__DESCRIPTION OF THE TASK__
Your answer must be an exact copy of the data, without any pictures.

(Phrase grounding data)
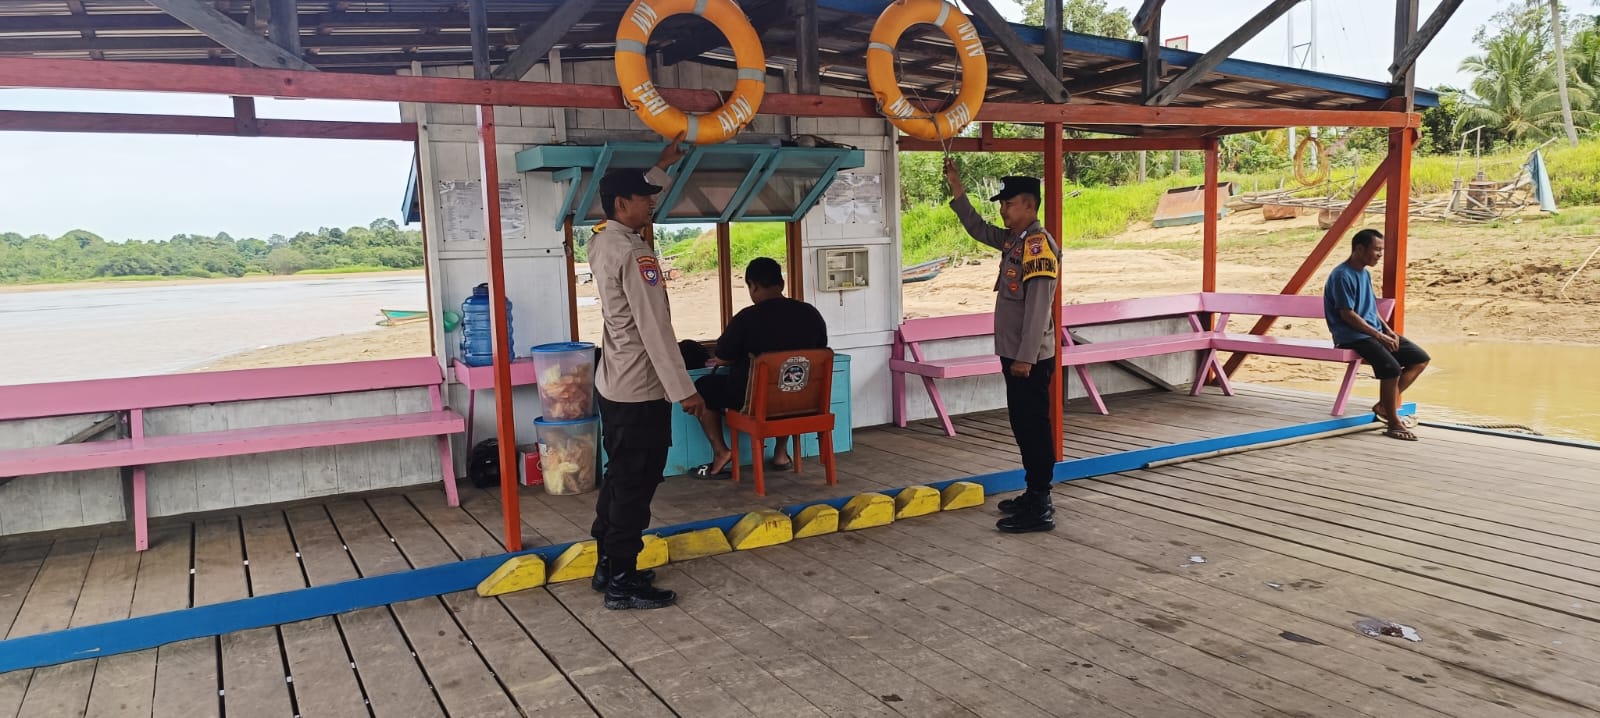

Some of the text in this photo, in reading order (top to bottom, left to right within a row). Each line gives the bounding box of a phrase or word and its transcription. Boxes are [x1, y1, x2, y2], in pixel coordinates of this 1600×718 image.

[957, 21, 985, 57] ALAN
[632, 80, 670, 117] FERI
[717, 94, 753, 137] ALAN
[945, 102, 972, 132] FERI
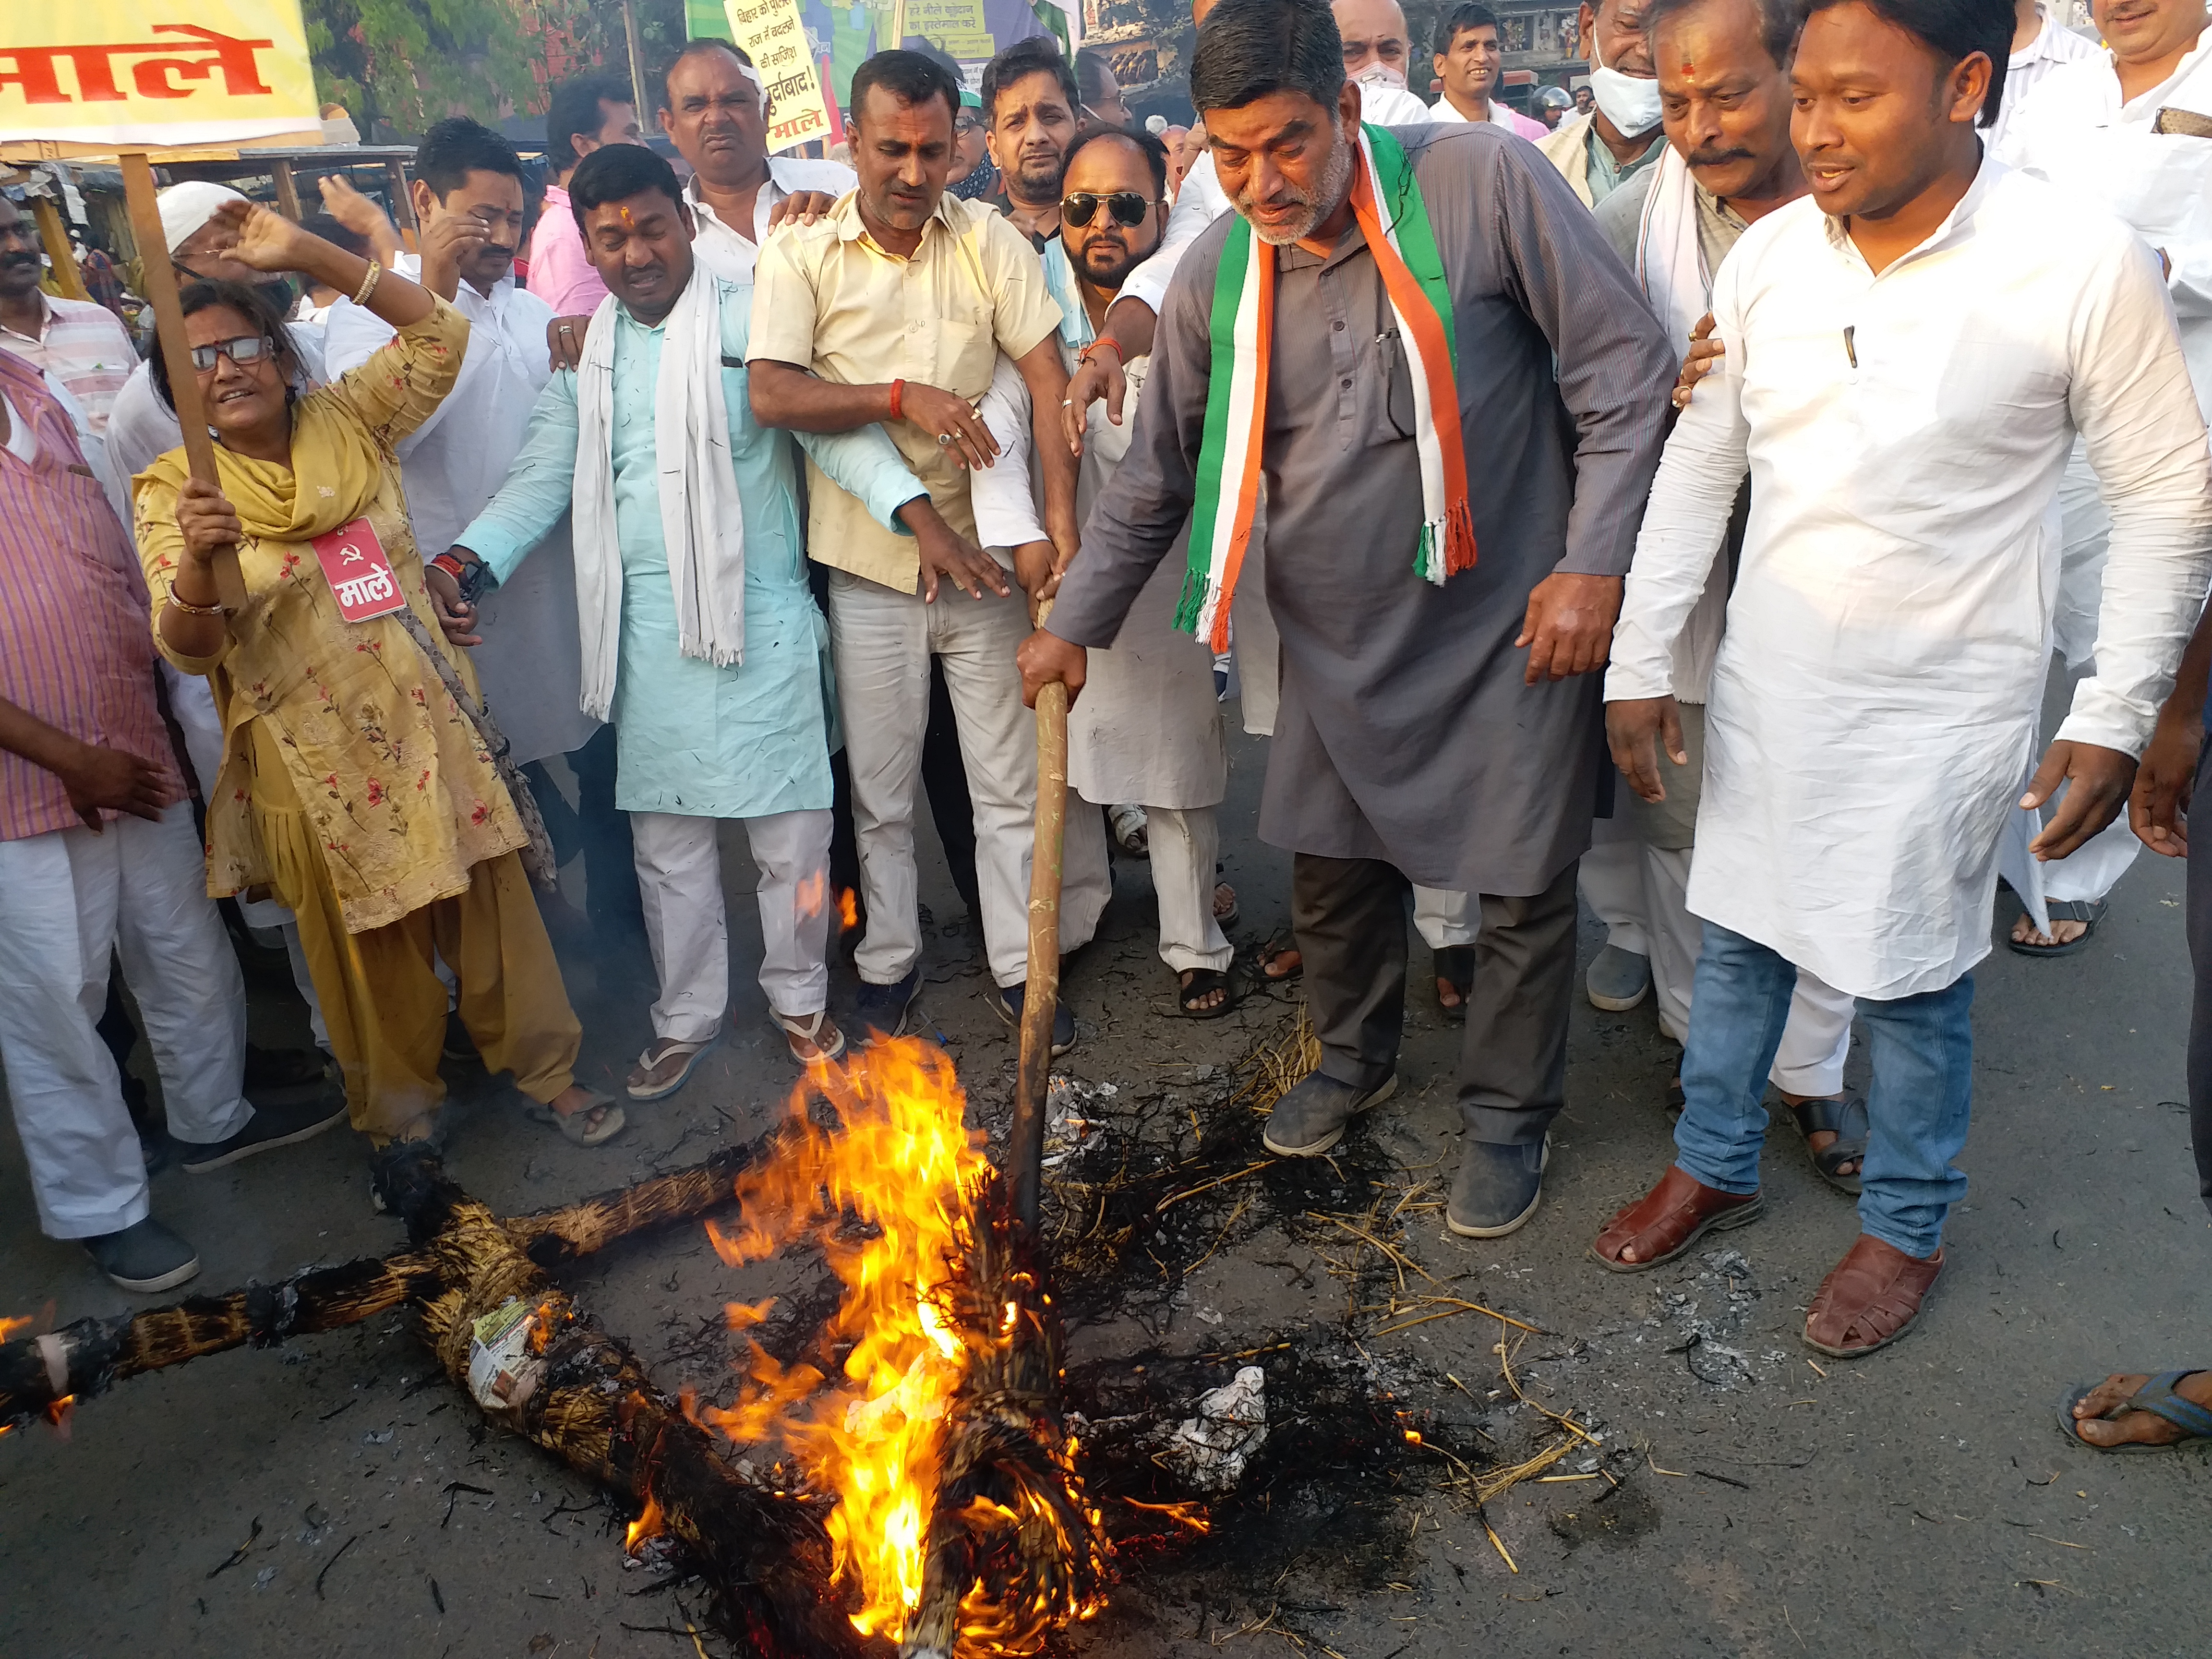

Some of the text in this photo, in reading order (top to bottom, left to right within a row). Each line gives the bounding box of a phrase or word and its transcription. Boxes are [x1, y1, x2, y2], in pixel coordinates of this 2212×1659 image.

__SOLVED PROBLEM__
Some of the text in this photo, in reading order (top to bottom, left to right within a row). Each line gives the bounding box of a phrase or word and its transcription. Boxes are [x1, y1, x2, y2], in pixel coordinates of this 1600×718 image.

[957, 21, 985, 57] ALAN
[632, 80, 670, 117] FERI
[717, 94, 753, 137] ALAN
[945, 102, 972, 132] FERI

Some of the text in this photo, in reading order (top to bottom, left to right within a row). Each line gives the bounding box of a phrase or word and its transcription. Boxes are [x1, y1, x2, y2], in pixel coordinates of this 2212×1659 image.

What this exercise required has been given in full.